*** Opening Records supplied ***

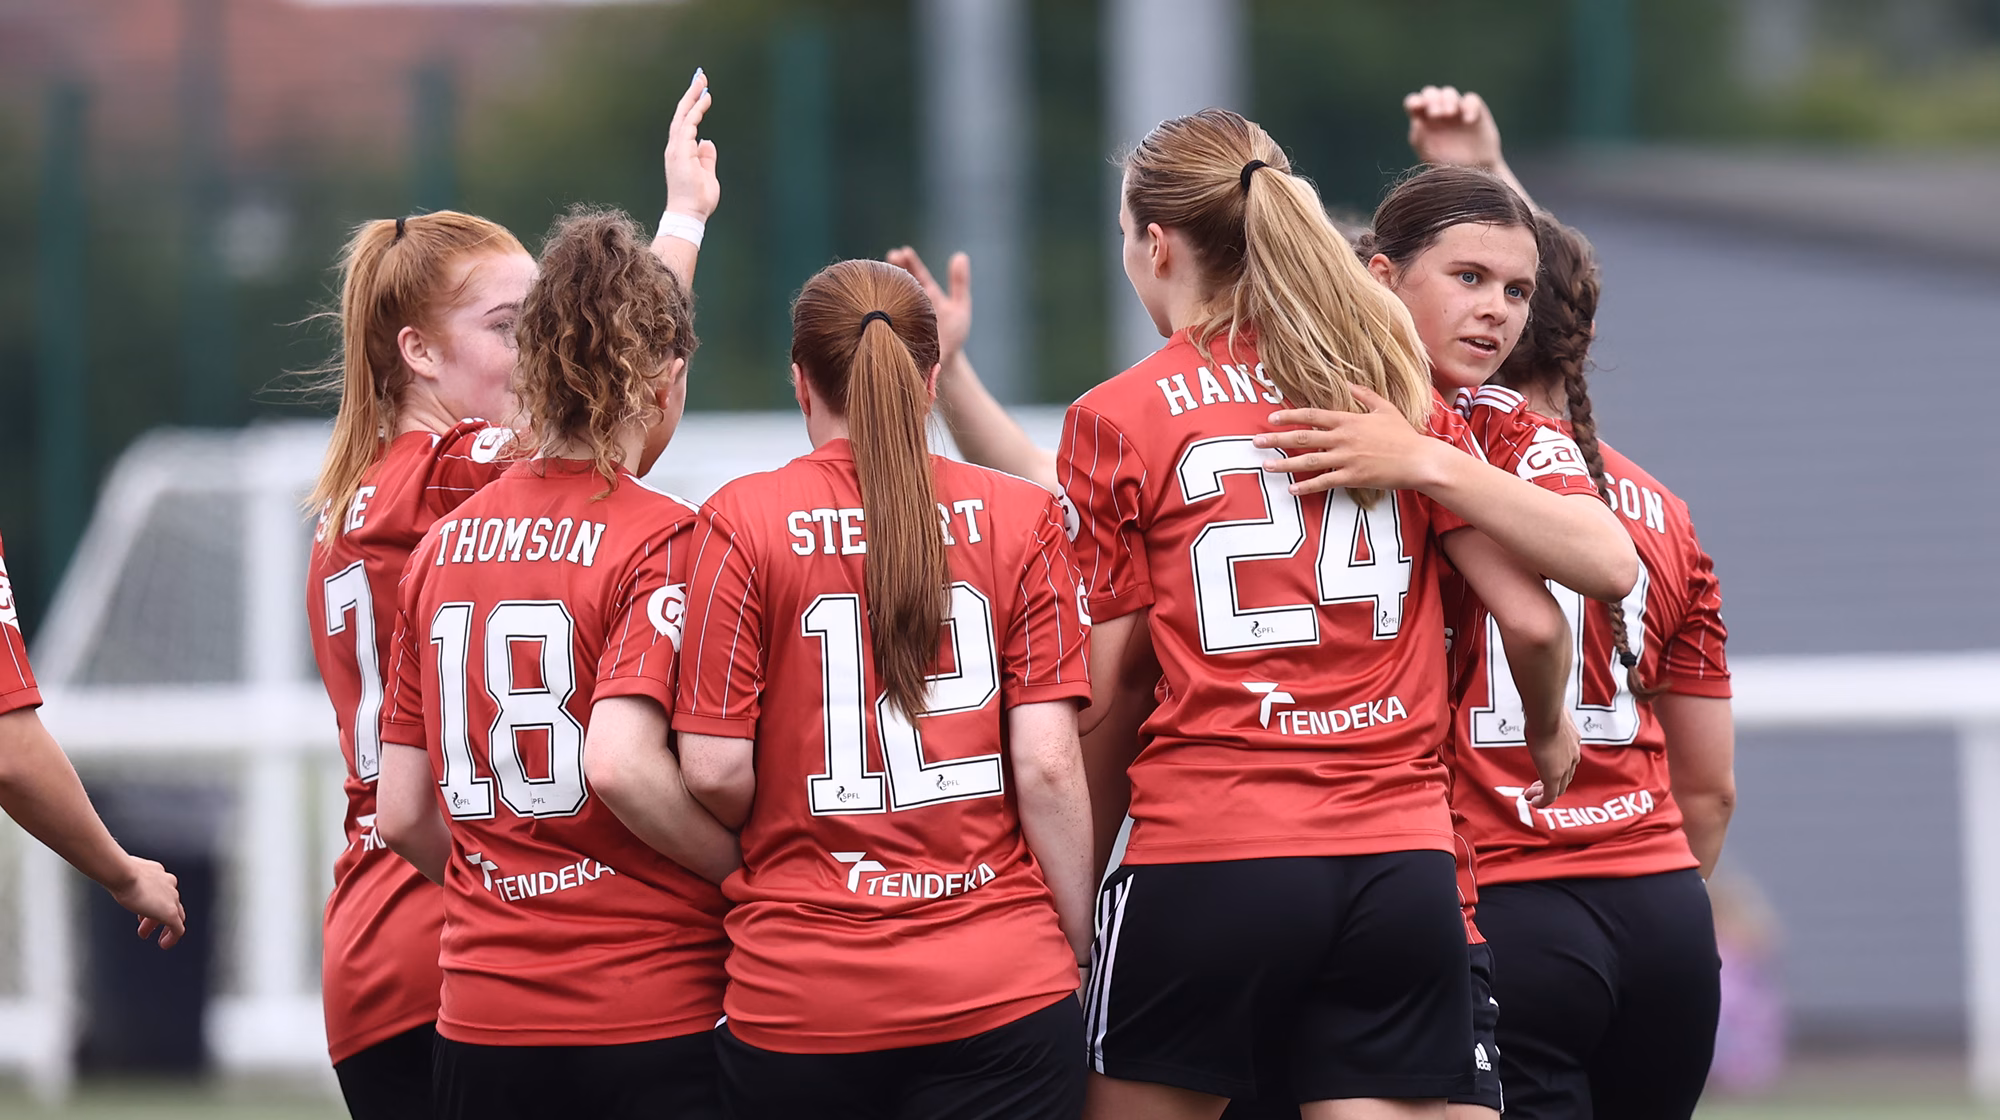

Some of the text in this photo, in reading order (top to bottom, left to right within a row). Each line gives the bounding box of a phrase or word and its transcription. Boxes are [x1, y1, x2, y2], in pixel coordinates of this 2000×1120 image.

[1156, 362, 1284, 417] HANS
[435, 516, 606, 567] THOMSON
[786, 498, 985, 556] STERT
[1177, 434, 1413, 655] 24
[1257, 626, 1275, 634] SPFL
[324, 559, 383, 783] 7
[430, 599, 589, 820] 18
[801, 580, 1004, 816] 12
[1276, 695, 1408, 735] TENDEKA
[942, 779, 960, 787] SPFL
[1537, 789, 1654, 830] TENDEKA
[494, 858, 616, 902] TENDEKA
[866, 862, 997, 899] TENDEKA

*** Closing Records supplied ***

### [Exercise instructions]
Write out all the entries word for word, but drop the pictures.

### [Answer box]
Some of the text in this photo, in reading order (top to bottom, left to right within a row). Each line gives the bounding box of a phrase or word and its transcription. Boxes are [x1, y1, x2, y2], in pixel coordinates of this 2000×1120 image.

[1156, 362, 1284, 417] HANS
[435, 516, 606, 567] THOMSON
[786, 498, 985, 556] STERT
[1177, 434, 1413, 655] 24
[1257, 626, 1275, 634] SPFL
[324, 559, 383, 783] 7
[430, 599, 589, 820] 18
[801, 580, 1004, 816] 12
[1276, 695, 1408, 735] TENDEKA
[942, 779, 960, 787] SPFL
[1537, 789, 1654, 830] TENDEKA
[494, 858, 616, 902] TENDEKA
[866, 862, 997, 899] TENDEKA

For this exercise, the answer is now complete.